En 1859, elle fait paraître un petit recueil, Notes on Nursing (Des soins à donner aux malades), qui constitue le premier manuel de soins infirmiers et connaît un grand succès.
En 1860, elle fonde au St Thomas’Hospital, la première école d’infirmières et de sages-femmes. Elle y recrute des jeunes femmes éduquées, capables de suivre des cours médicaux, comprendre les maladies et prendre des responsabilités de soignante.
Sa réputation ne cesse de s’étendre dans le monde entier : Linda Richards fondatrice d’écoles d’infirmières aux États-Unis et au Japon la prend pour modèle. À sa mort, en 1910, les infirmières sont devenues de vraies professionnelles du soin et non plus de simples auxiliaires gardes-malades.
Un siècle plus tard, le métier d’infirmière est une profession reconnue et incontournable, mais le combat de Florence est loin d’être terminé. La crise du Covid 19 a mis au premier plan le rôle essentiel des personnels soignants. Leur implication et leur importance auprès des malades ne sont plus à démontrer, mais le métier souffre d’un déficit de moyens et de reconnaissance. En France, le « Ségur de la santé (2020) a revalorisé les salaires des personnels infirmiers (qui sont désormais dans les normes européennes), mais il reste encore beaucoup à faire pour améliorer les conditions de travail.

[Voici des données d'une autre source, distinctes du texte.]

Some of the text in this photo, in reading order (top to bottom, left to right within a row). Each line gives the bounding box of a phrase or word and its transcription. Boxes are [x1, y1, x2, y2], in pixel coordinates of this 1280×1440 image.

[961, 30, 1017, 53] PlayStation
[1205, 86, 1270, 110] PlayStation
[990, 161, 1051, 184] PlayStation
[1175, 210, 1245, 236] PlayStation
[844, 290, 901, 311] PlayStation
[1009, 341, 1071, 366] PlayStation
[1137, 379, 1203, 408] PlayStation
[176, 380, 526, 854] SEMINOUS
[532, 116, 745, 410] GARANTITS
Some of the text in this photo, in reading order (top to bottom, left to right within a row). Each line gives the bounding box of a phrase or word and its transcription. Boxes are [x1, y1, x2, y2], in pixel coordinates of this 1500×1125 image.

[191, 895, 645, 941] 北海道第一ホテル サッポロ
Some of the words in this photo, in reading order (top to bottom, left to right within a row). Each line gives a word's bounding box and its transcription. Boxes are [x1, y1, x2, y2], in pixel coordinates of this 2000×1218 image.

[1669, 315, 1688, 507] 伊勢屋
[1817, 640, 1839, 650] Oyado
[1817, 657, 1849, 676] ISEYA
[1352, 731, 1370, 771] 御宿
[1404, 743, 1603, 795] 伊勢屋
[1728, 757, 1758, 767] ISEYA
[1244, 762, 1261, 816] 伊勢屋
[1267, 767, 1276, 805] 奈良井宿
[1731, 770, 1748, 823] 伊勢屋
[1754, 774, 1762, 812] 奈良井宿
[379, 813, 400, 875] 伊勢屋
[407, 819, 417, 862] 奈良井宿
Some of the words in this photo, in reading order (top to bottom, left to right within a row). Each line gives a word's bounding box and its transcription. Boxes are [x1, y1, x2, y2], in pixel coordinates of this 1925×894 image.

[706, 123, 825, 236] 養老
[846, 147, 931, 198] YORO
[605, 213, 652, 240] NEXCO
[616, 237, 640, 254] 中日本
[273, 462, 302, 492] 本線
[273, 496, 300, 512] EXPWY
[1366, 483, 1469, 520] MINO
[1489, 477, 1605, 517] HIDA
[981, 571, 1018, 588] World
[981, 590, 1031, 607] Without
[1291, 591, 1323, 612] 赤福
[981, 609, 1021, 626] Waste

Dans le sillage de Florence Nightingale, certains représentants de la profession préconisent de faire évoluer les compétences des infirmières en leur donnant plus de prérogatives médicales : notamment établir des diagnostics et faire des prescriptions, ce qui redistribuerait les rôles avec les médecins. Rappelons qu’il fut un temps où les infirmières n’étaient même pas autorisées à faire des piqûres ! D’autres aspirent à la création de véritables « sciences infirmières », ayant pignon sur rue dans le monde académique. Le combat pour la valorisation de la profession d’infirmière, qui restera toujours un des plus beaux métiers du monde, est toujours d’actualité.
(1) Qui opposa les armées française et anglaise aux armée russes.
Bonjour,
Une information est erronée: la première école laïque de soins infirmiers a été fondée une année avant celle de St Thomas’Hospital, en 1859 par la Comtesse Valérie de Gasparin à Lausanne (encore active, voir Institut et Haute École de la Santé La Source). Cela n’enlève rien aux mérites de cette femme révolutionnaire et à sa place centrale dans l’histoire des soins.
Merci pour cette information ignorée de moi. Vous confirmez un point important qui concerne la plupart des innnovations sociales (ou techniques) elle ne sont jamais complètement isolées et originales.
Bonjour,
J’ai eu la chance de suivre la formation d’infirmière à l’école Florence Nightingale de Talence prés de Bordeaux dans les années 1962 1964.Pendant toute ma carrière d’infirmière,de puericultrice de cadre de santé ,enseignante,j’ai mesuré la chance que j’avais eu de poursuivre des études dans une telle école.Les techniques enseignées,les valeurs dispensées ont fait de ces 40 années à soigner ,à enseigner une veritable passion,je me suis toujours sentie digne de Florence Nightingale
Sa lampe n’aura pas céssé de m’éclairée moi aussi !!!